Task description: Leave out the pictures and repeat every record exactly.

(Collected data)
*** Begin section ***

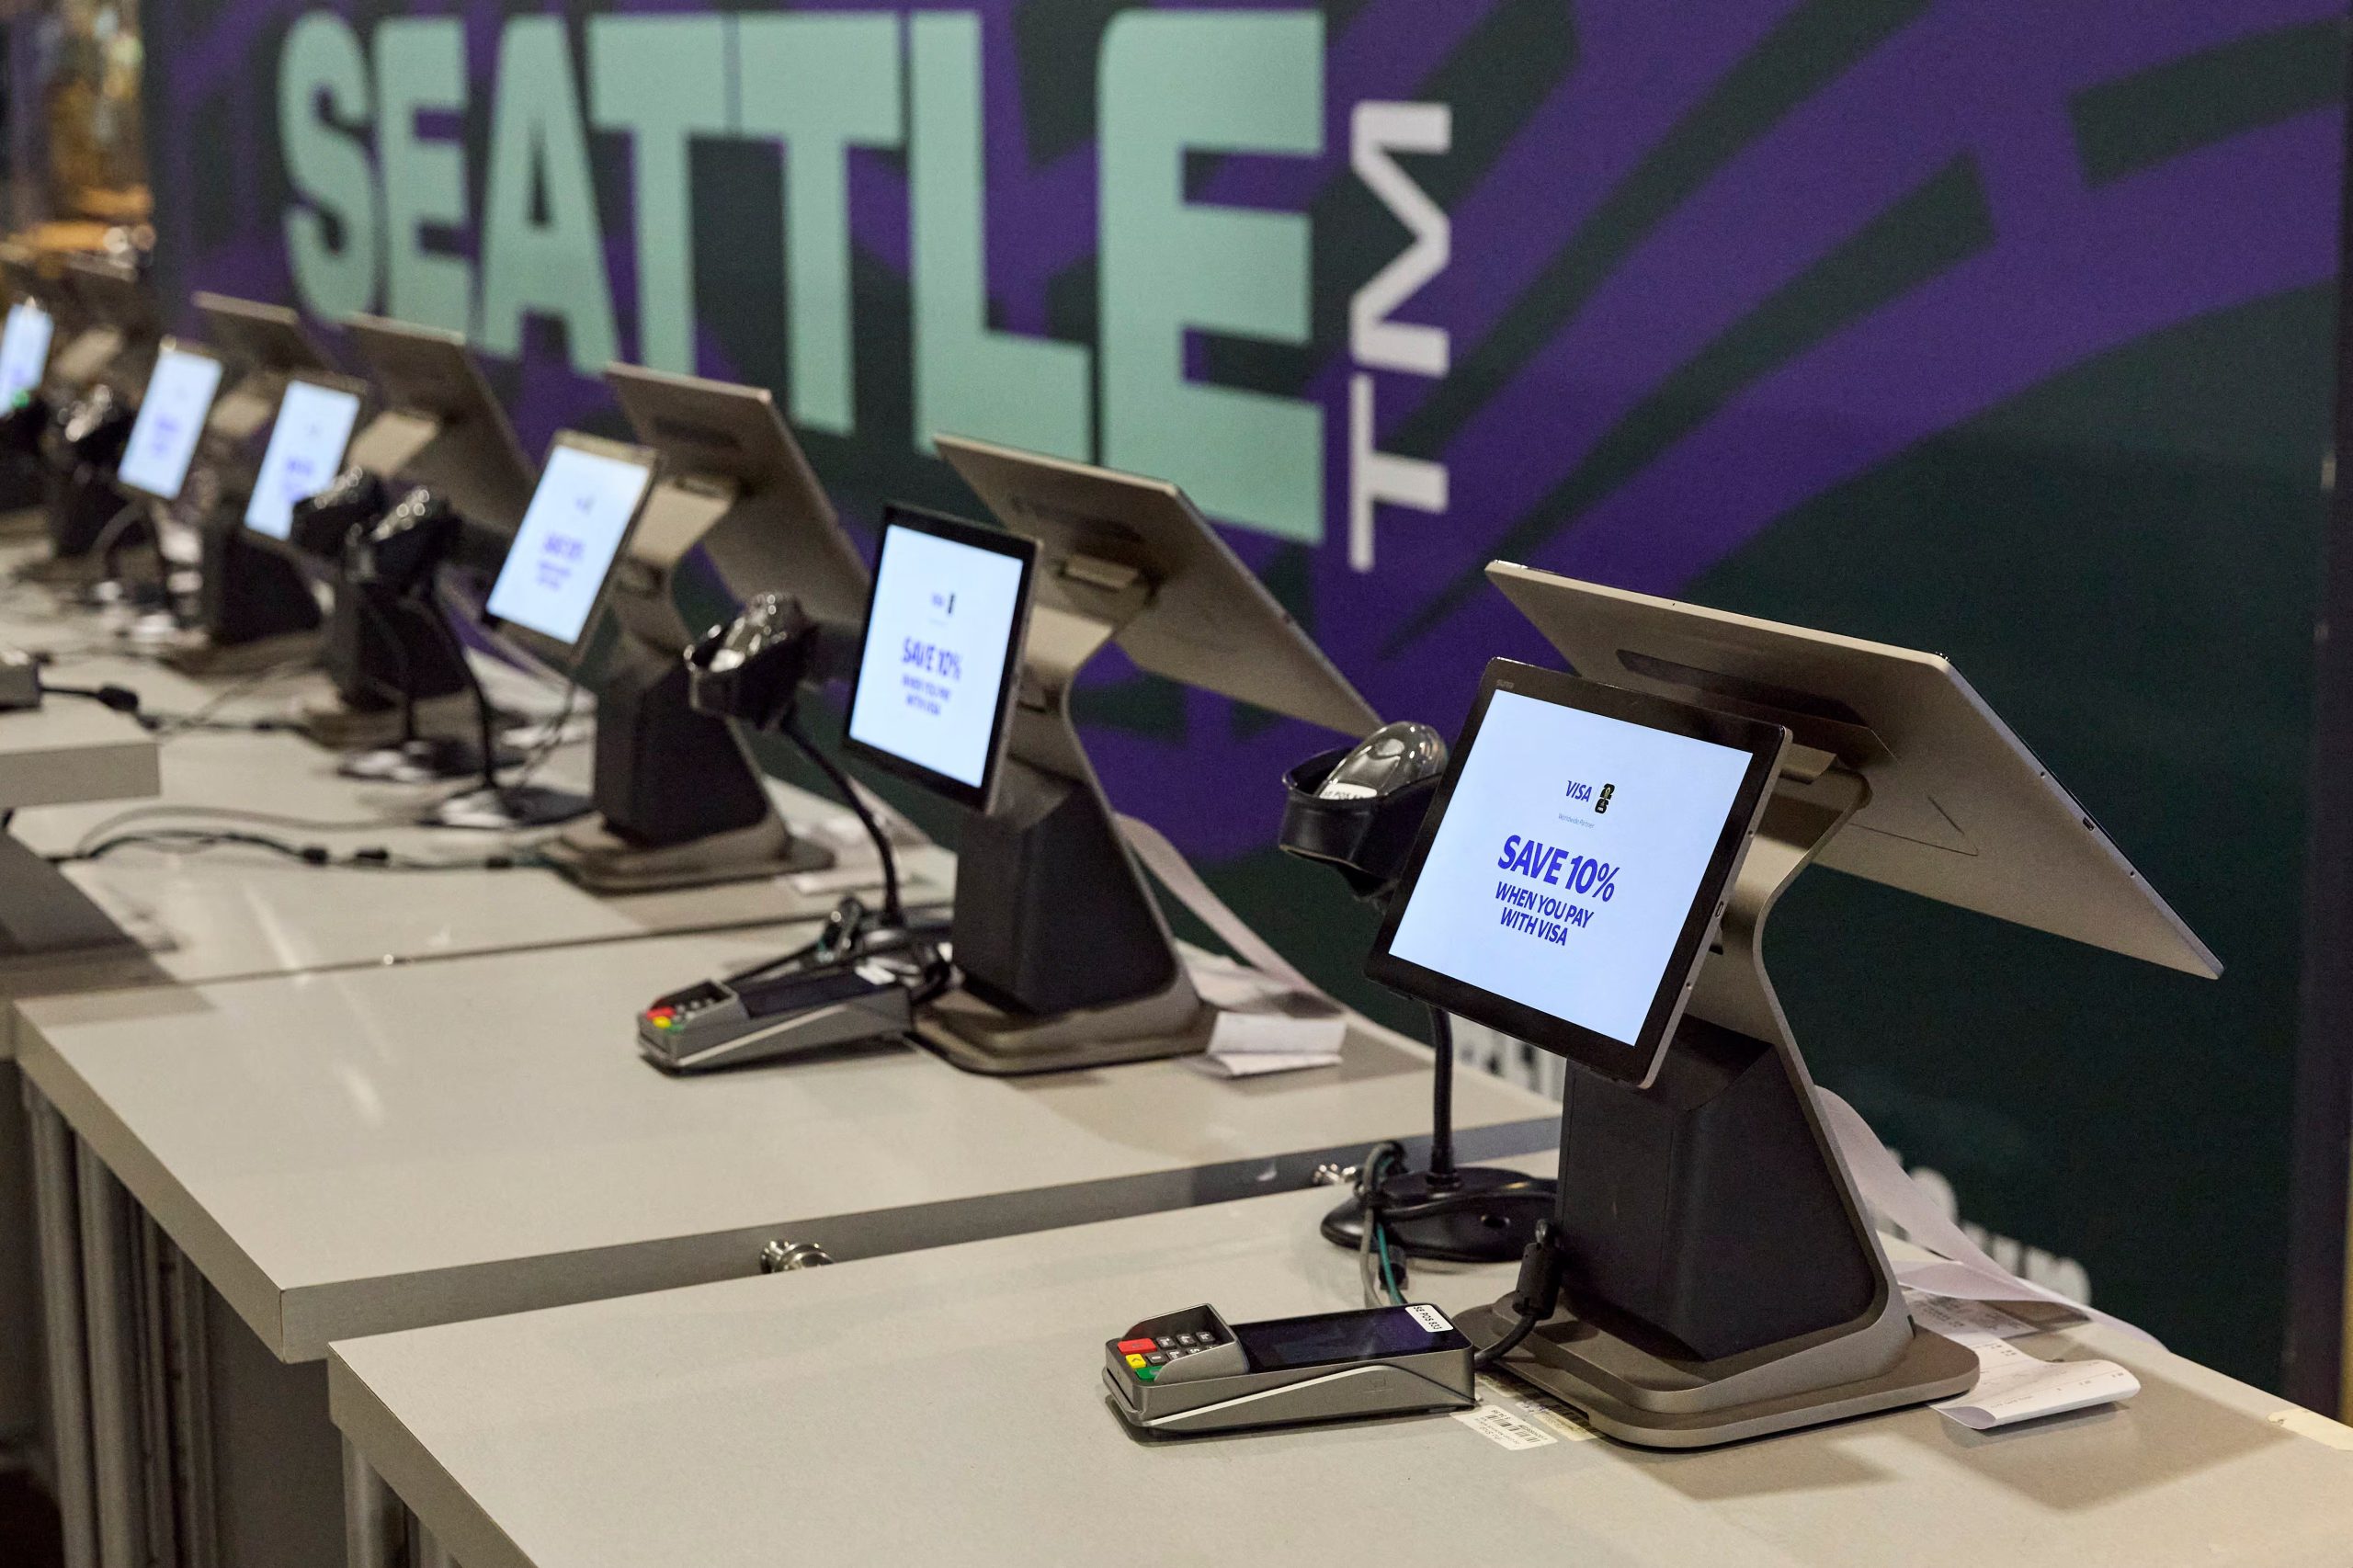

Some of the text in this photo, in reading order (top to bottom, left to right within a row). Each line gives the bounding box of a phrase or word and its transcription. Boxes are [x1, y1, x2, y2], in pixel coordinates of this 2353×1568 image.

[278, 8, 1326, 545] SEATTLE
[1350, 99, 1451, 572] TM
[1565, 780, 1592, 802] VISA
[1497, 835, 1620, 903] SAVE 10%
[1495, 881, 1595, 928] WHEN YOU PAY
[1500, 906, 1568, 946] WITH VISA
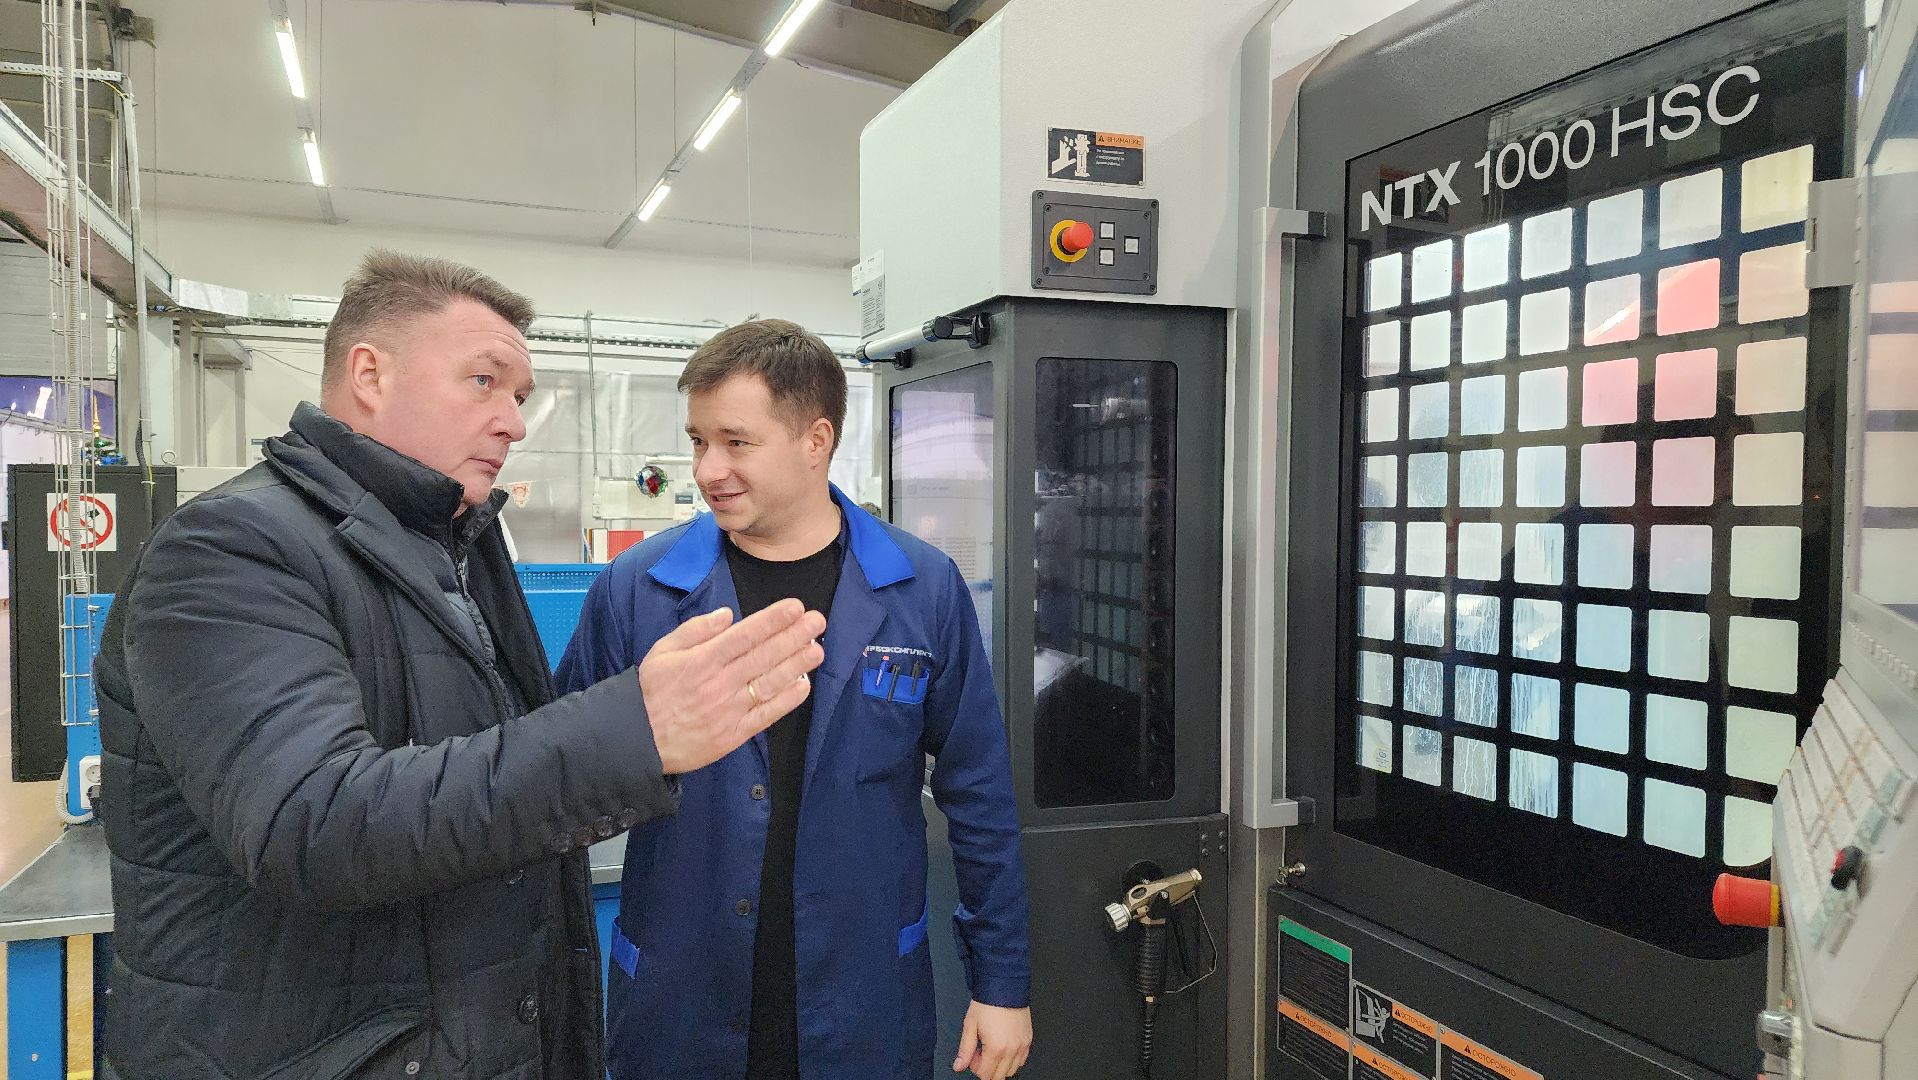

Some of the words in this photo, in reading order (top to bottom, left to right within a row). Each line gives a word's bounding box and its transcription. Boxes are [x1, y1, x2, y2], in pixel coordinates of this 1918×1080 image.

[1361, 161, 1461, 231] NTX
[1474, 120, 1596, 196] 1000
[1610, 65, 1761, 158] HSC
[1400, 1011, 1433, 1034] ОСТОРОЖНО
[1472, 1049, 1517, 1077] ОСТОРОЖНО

*** End section ***

Answer section:
Some of the text in this photo, in reading order (top to bottom, left to right within a row). Each line gives the bounding box of a phrase or word and its transcription. Boxes are [x1, y1, x2, y2], in pixel coordinates of this 2353×1568 image.

[278, 8, 1326, 545] SEATTLE
[1350, 99, 1451, 572] TM
[1565, 780, 1592, 802] VISA
[1497, 835, 1620, 903] SAVE 10%
[1495, 881, 1595, 928] WHEN YOU PAY
[1500, 906, 1568, 946] WITH VISA

Some of the words in this photo, in reading order (top to bottom, left to right within a row). Each line gives a word's bounding box and its transcription. Boxes are [x1, y1, x2, y2], in pixel coordinates of this 1918×1080 image.

[1361, 161, 1461, 231] NTX
[1474, 120, 1596, 196] 1000
[1610, 65, 1761, 158] HSC
[1400, 1011, 1433, 1034] ОСТОРОЖНО
[1472, 1049, 1517, 1077] ОСТОРОЖНО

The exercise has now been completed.